Phrase grounding data
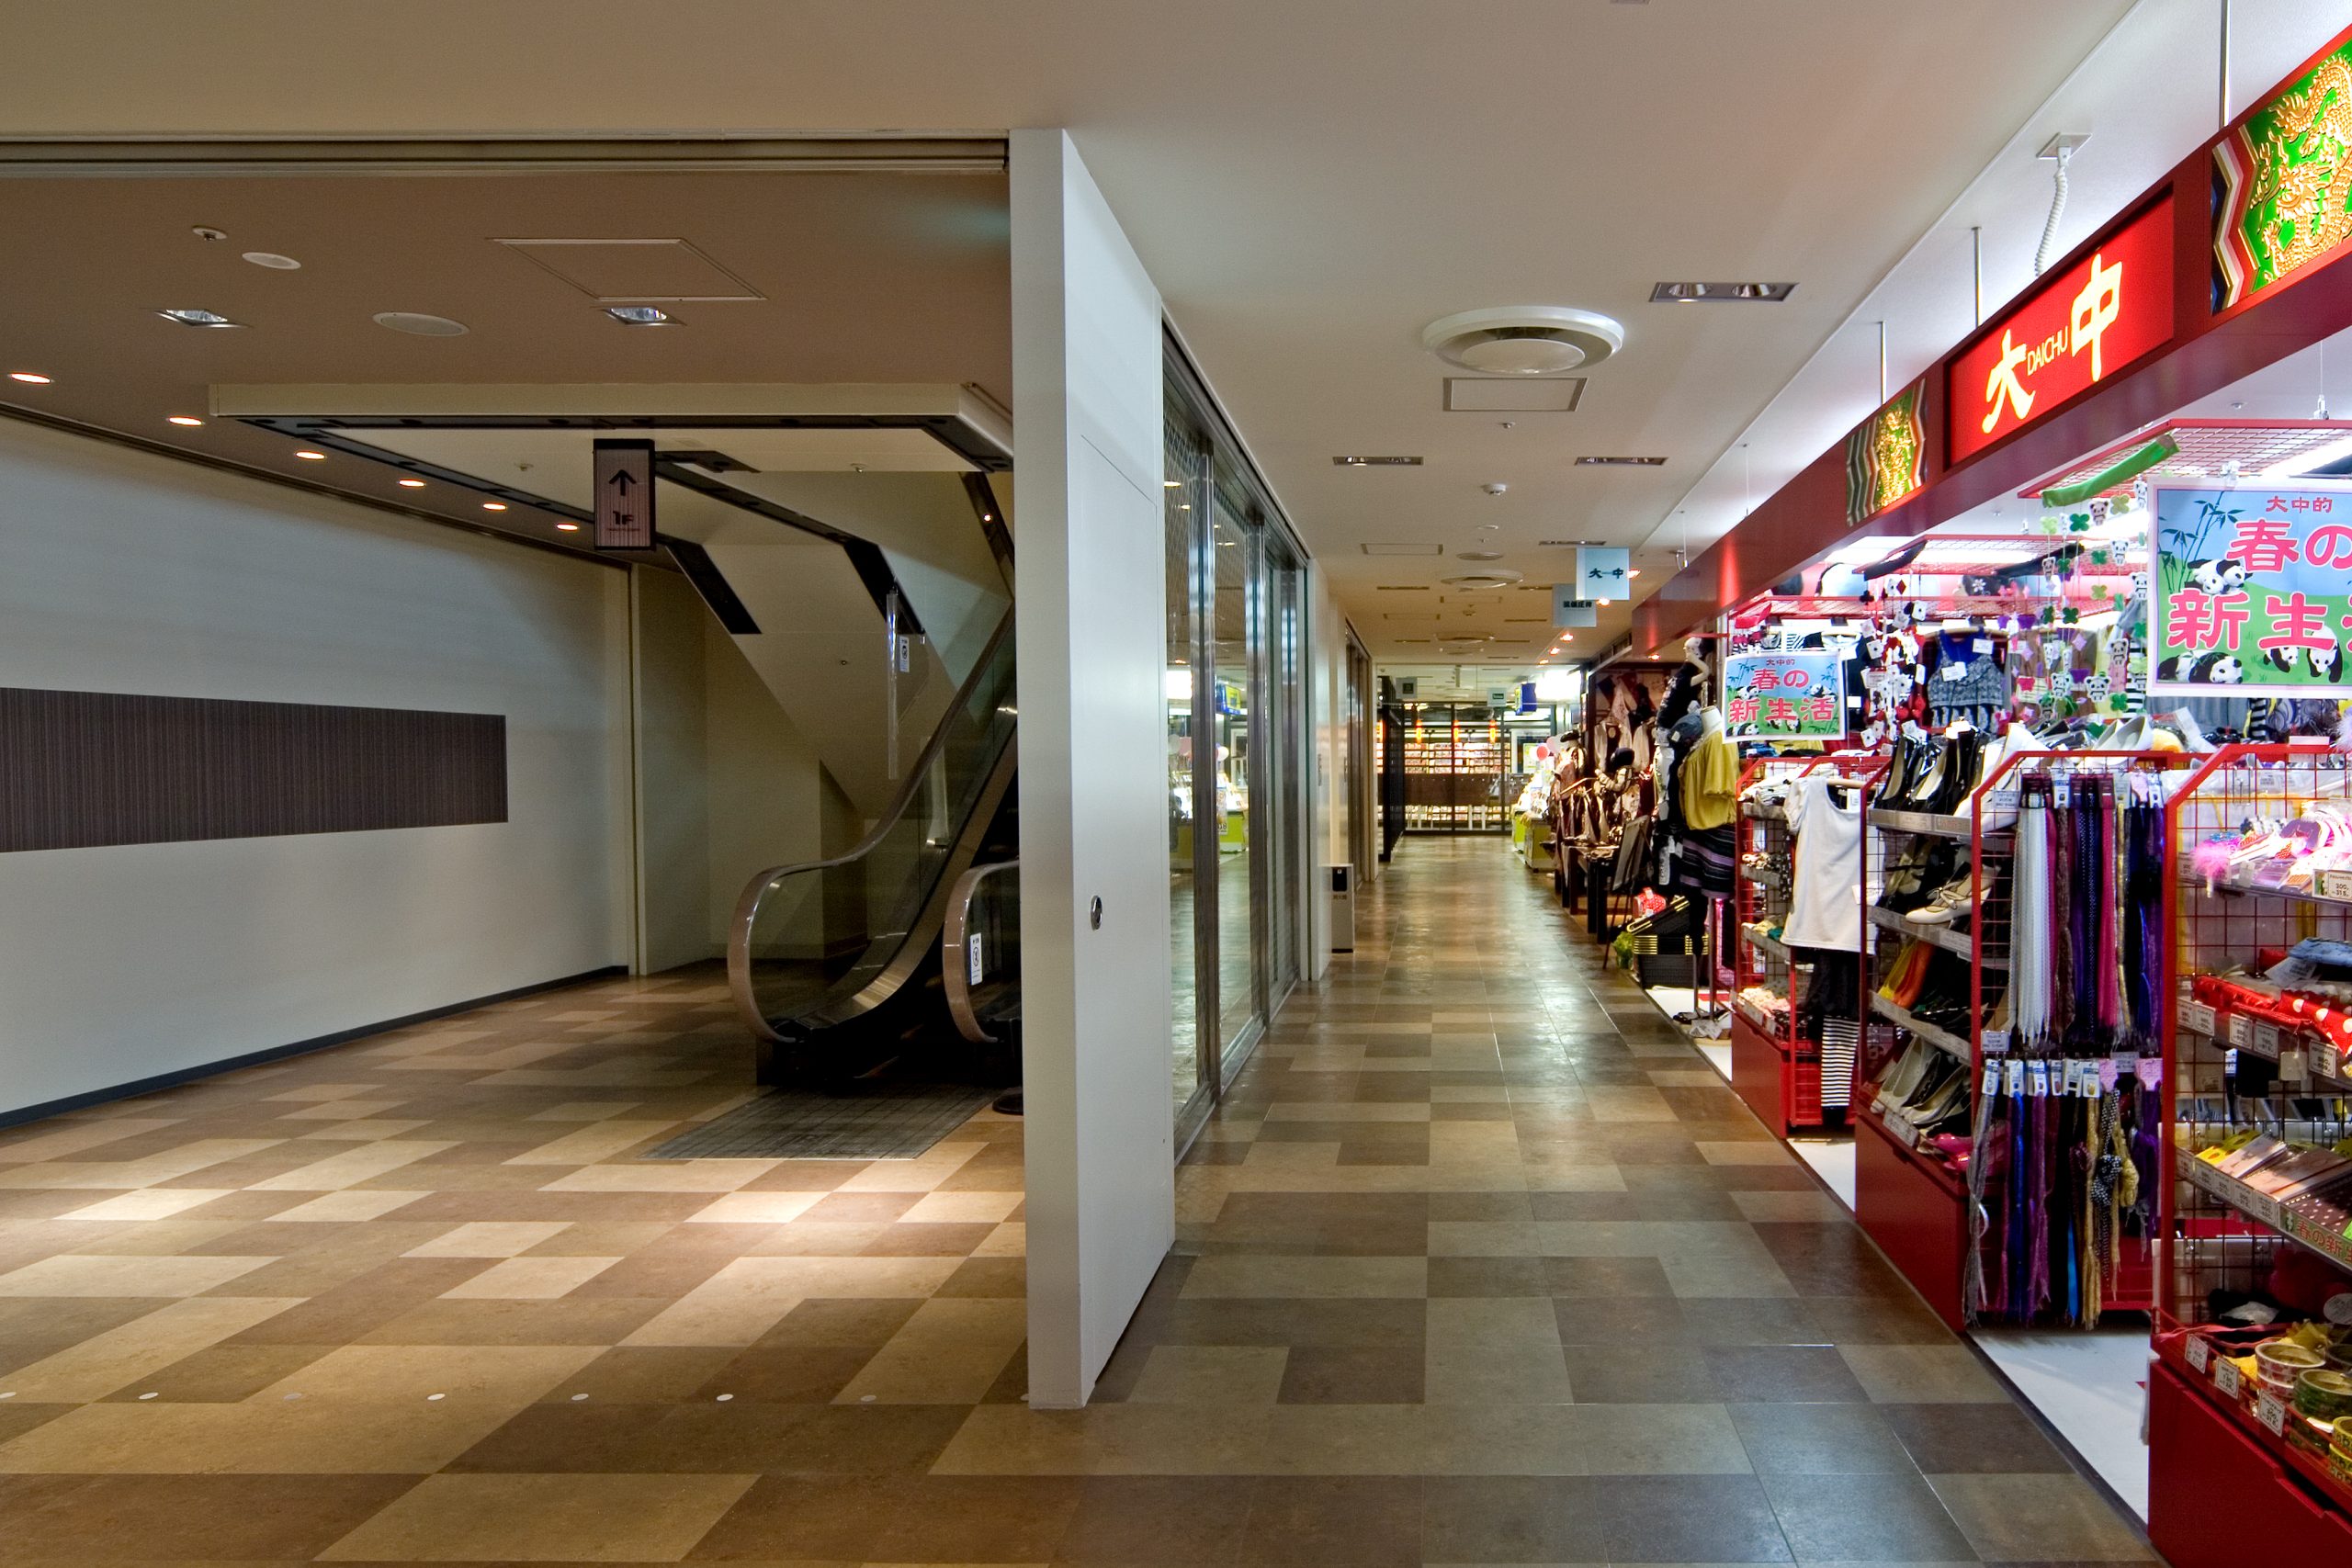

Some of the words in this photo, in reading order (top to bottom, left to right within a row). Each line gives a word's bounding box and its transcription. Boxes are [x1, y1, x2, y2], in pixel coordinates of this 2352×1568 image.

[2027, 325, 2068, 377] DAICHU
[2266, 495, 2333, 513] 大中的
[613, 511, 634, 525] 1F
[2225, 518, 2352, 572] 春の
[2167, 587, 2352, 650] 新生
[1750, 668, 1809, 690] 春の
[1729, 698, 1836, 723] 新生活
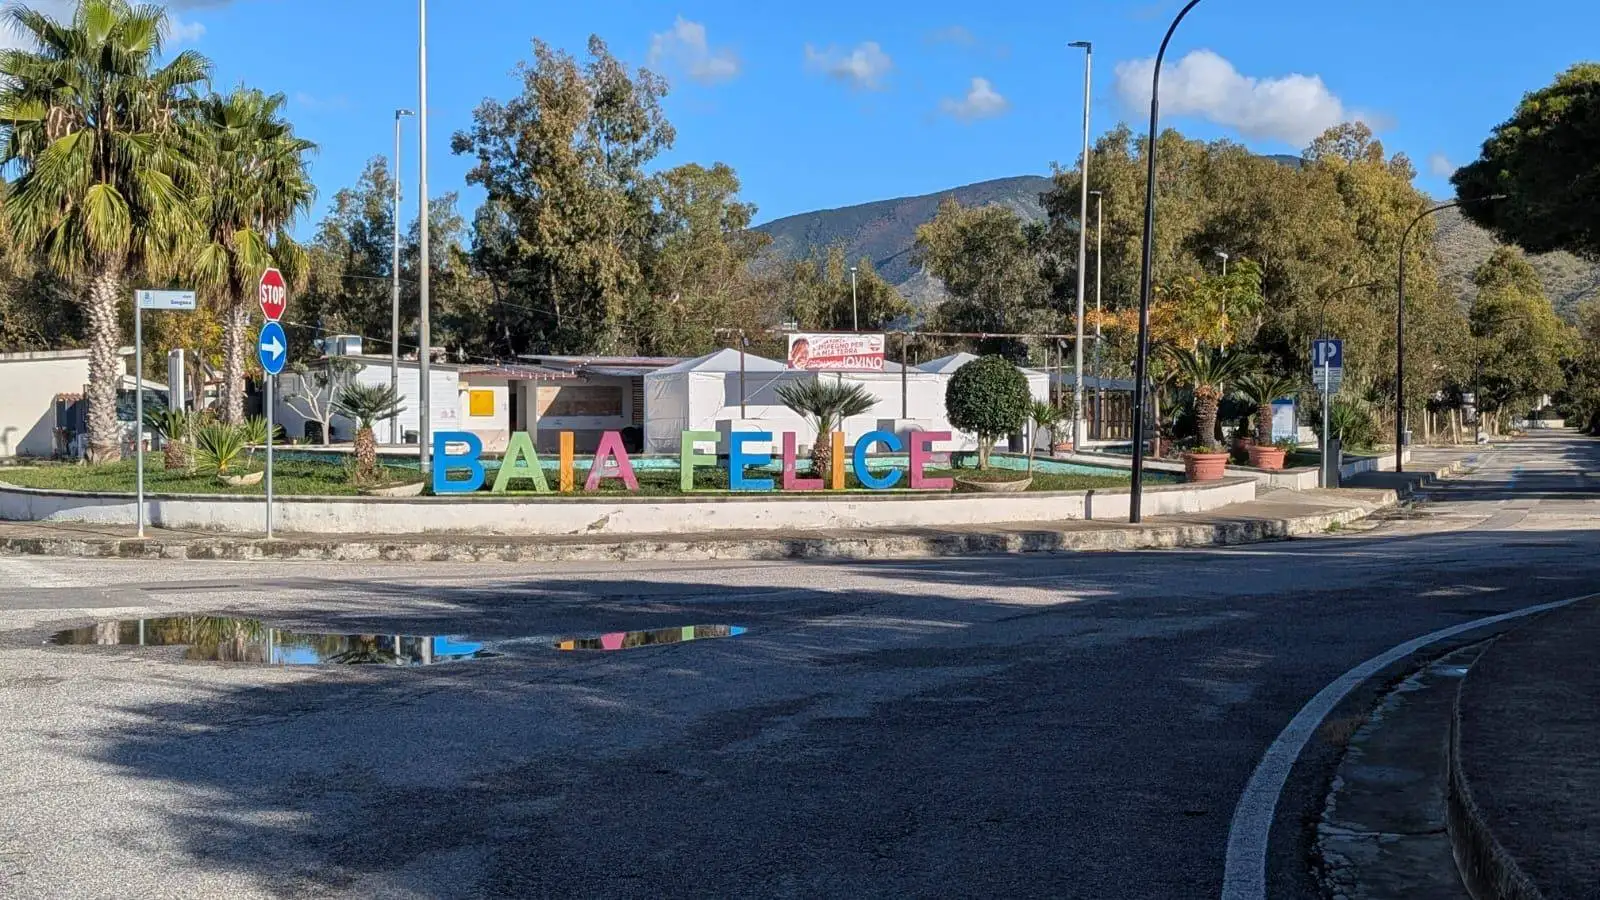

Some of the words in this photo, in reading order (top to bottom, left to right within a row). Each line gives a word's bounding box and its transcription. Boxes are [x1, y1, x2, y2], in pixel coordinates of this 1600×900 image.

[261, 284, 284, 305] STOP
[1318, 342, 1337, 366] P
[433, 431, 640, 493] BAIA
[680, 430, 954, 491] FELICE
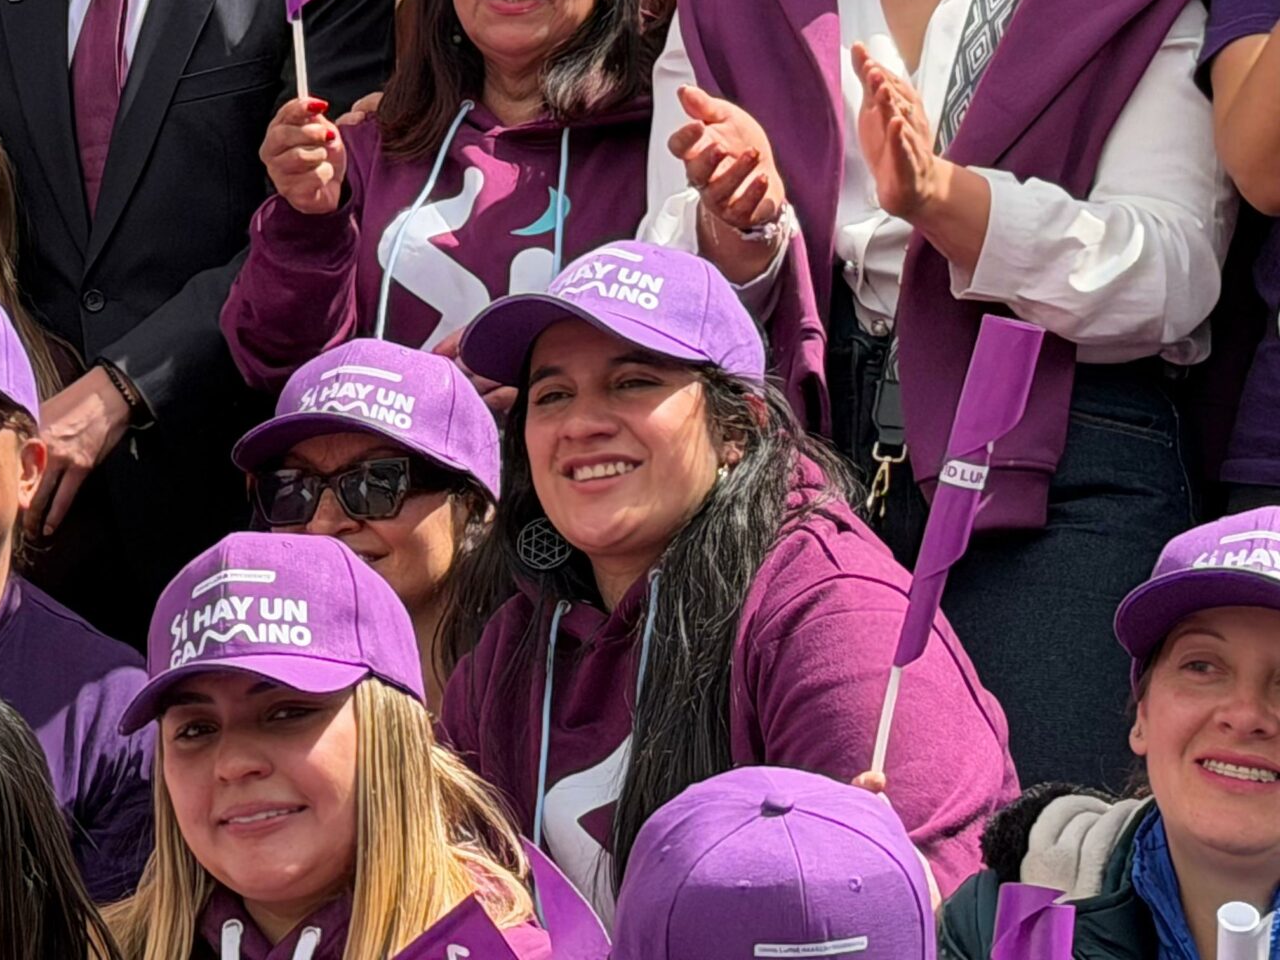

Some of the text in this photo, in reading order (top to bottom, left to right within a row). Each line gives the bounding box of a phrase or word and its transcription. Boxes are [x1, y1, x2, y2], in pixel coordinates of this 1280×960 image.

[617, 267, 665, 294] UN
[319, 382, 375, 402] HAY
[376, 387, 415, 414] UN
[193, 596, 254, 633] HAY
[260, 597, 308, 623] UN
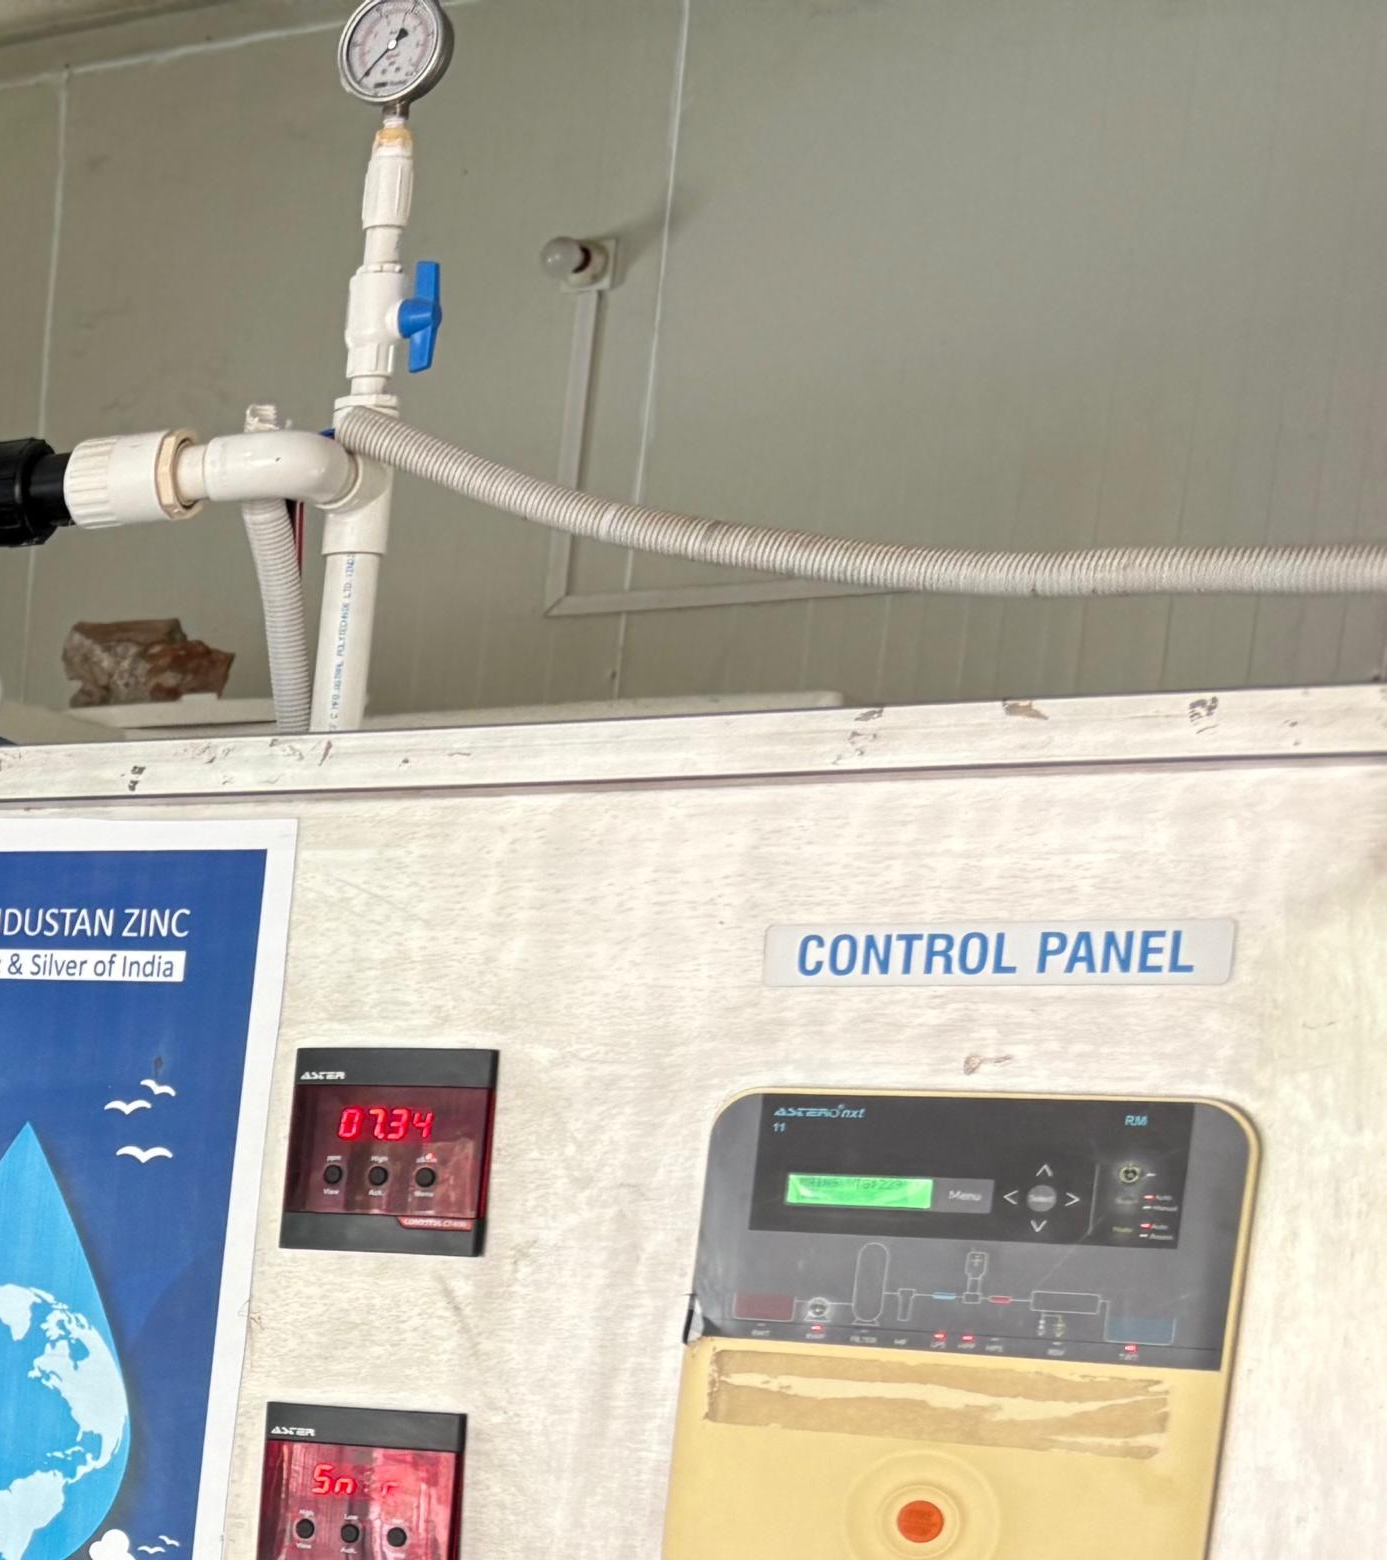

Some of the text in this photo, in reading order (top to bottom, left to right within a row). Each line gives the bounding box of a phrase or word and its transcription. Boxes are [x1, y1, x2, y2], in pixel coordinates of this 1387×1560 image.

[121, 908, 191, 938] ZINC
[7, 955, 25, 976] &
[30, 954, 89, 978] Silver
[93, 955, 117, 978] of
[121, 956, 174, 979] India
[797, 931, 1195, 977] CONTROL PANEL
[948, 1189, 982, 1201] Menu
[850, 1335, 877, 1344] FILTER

*Instructions for the task*.
Quote each entry above verbatim and drop the pictures.

*Solved problem*.
Some of the words in this photo, in reading order (top to bottom, left to right within a row). Each line gives a word's bounding box and its transcription. Boxes are [x1, y1, x2, y2], in pixel coordinates of this 2352×1568 image.

[2027, 325, 2068, 377] DAICHU
[2266, 495, 2333, 513] 大中的
[613, 511, 634, 525] 1F
[2225, 518, 2352, 572] 春の
[2167, 587, 2352, 650] 新生
[1750, 668, 1809, 690] 春の
[1729, 698, 1836, 723] 新生活

Some of the words in this photo, in reading order (top to bottom, left to right within a row). Each line gives a word's bounding box and its transcription. Boxes are [x1, y1, x2, y2], in pixel coordinates of this 1600×900 image.

[261, 284, 284, 305] STOP
[1318, 342, 1337, 366] P
[433, 431, 640, 493] BAIA
[680, 430, 954, 491] FELICE

Some of the text in this photo, in reading order (top to bottom, left to right within a row). Each line gives the bounding box of a phrase or word and its transcription. Boxes are [x1, y1, x2, y2], in pixel coordinates of this 1280×960 image.

[617, 267, 665, 294] UN
[319, 382, 375, 402] HAY
[376, 387, 415, 414] UN
[193, 596, 254, 633] HAY
[260, 597, 308, 623] UN

Some of the text in this photo, in reading order (top to bottom, left to right within a row). Each line gives the bounding box of a phrase or word and its transcription. Boxes are [x1, y1, x2, y2], in pixel coordinates of this 1387×1560 image.

[121, 908, 191, 938] ZINC
[7, 955, 25, 976] &
[30, 954, 89, 978] Silver
[93, 955, 117, 978] of
[121, 956, 174, 979] India
[797, 931, 1195, 977] CONTROL PANEL
[948, 1189, 982, 1201] Menu
[850, 1335, 877, 1344] FILTER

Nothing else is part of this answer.